#### [Supplied records]
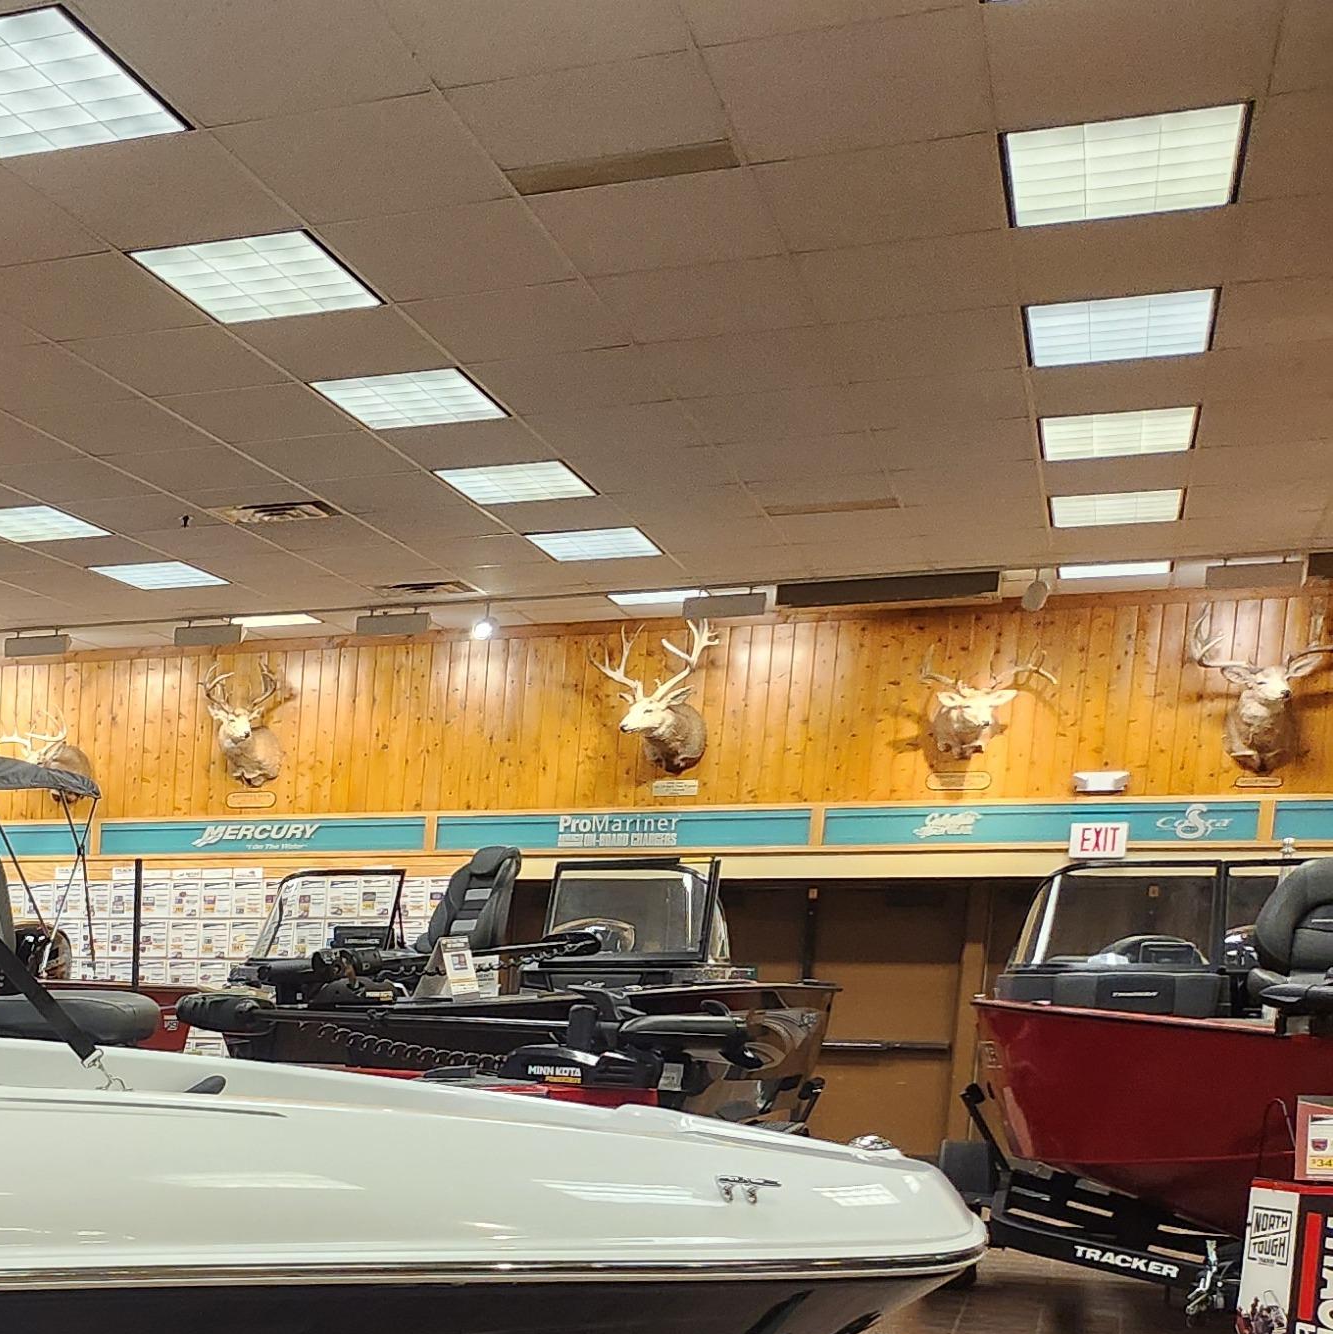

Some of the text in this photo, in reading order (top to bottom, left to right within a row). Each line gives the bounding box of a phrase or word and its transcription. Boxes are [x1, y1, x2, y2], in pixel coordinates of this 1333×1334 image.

[559, 815, 679, 833] ProMariner
[191, 823, 321, 848] MERCURY
[1080, 827, 1121, 852] EXIT
[527, 1065, 582, 1077] MINN KOTA
[1254, 1211, 1289, 1233] NORTH
[1252, 1236, 1287, 1258] TOUGH
[1073, 1245, 1180, 1279] TRACKER
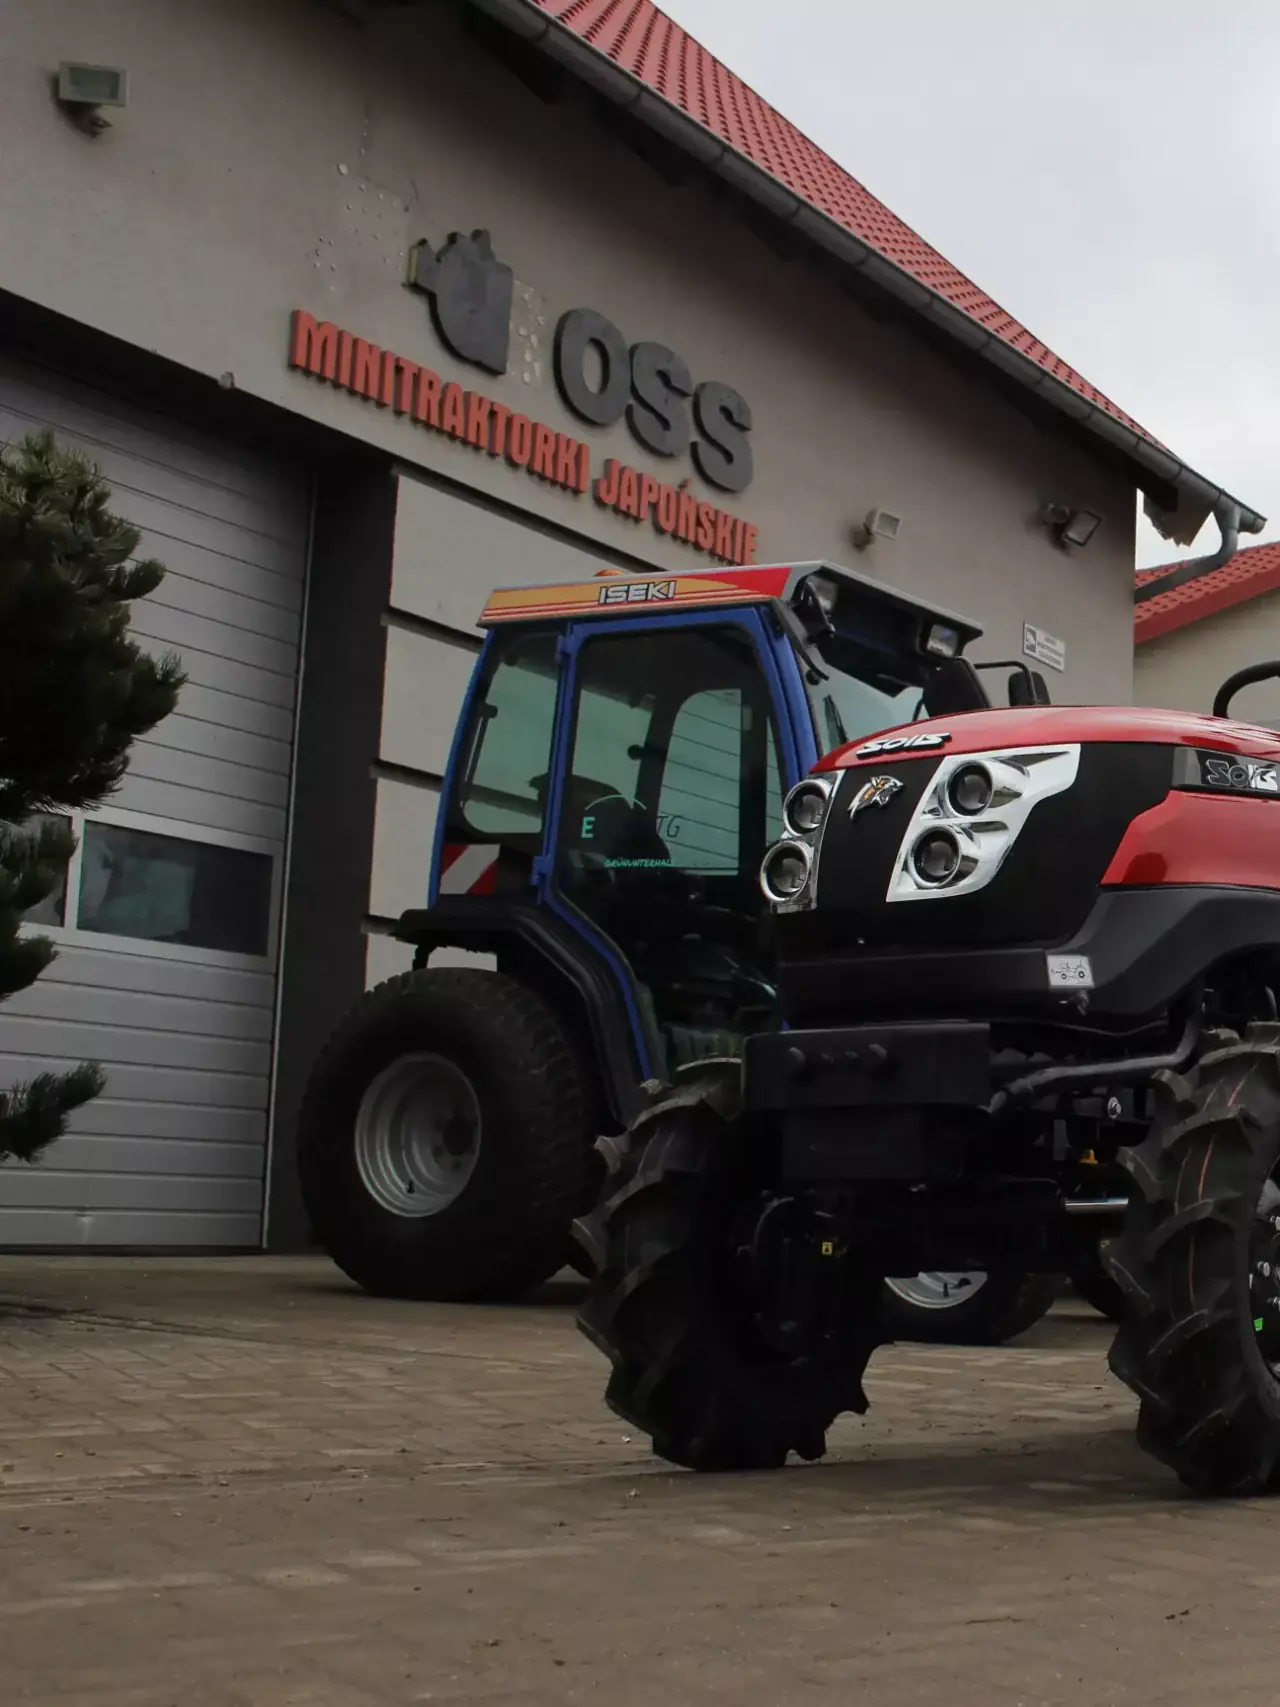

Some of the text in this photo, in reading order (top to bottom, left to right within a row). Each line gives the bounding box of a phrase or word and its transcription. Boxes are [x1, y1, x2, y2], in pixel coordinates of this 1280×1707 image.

[288, 310, 759, 565] MINITRAKTORKI JAPOŃSKIE
[554, 308, 753, 492] OSS
[599, 580, 677, 604] ISEKI

#### [Prompt]
Set down all the entries above verbatim, and include none of the pictures.

#### [Task response]
Some of the text in this photo, in reading order (top to bottom, left to right within a row). Each line gives the bounding box of a phrase or word and its transcription. Boxes are [x1, y1, x2, y2], in pixel coordinates of this 1333×1334 image.

[559, 815, 679, 833] ProMariner
[191, 823, 321, 848] MERCURY
[1080, 827, 1121, 852] EXIT
[527, 1065, 582, 1077] MINN KOTA
[1254, 1211, 1289, 1233] NORTH
[1252, 1236, 1287, 1258] TOUGH
[1073, 1245, 1180, 1279] TRACKER

Some of the text in this photo, in reading order (top to bottom, left to right within a row). Each line gives the bounding box of a phrase or word and its transcription. Boxes are [x1, y1, x2, y2], in pixel coordinates of this 1280×1707 image.

[288, 310, 759, 565] MINITRAKTORKI JAPOŃSKIE
[554, 308, 753, 492] OSS
[599, 580, 677, 604] ISEKI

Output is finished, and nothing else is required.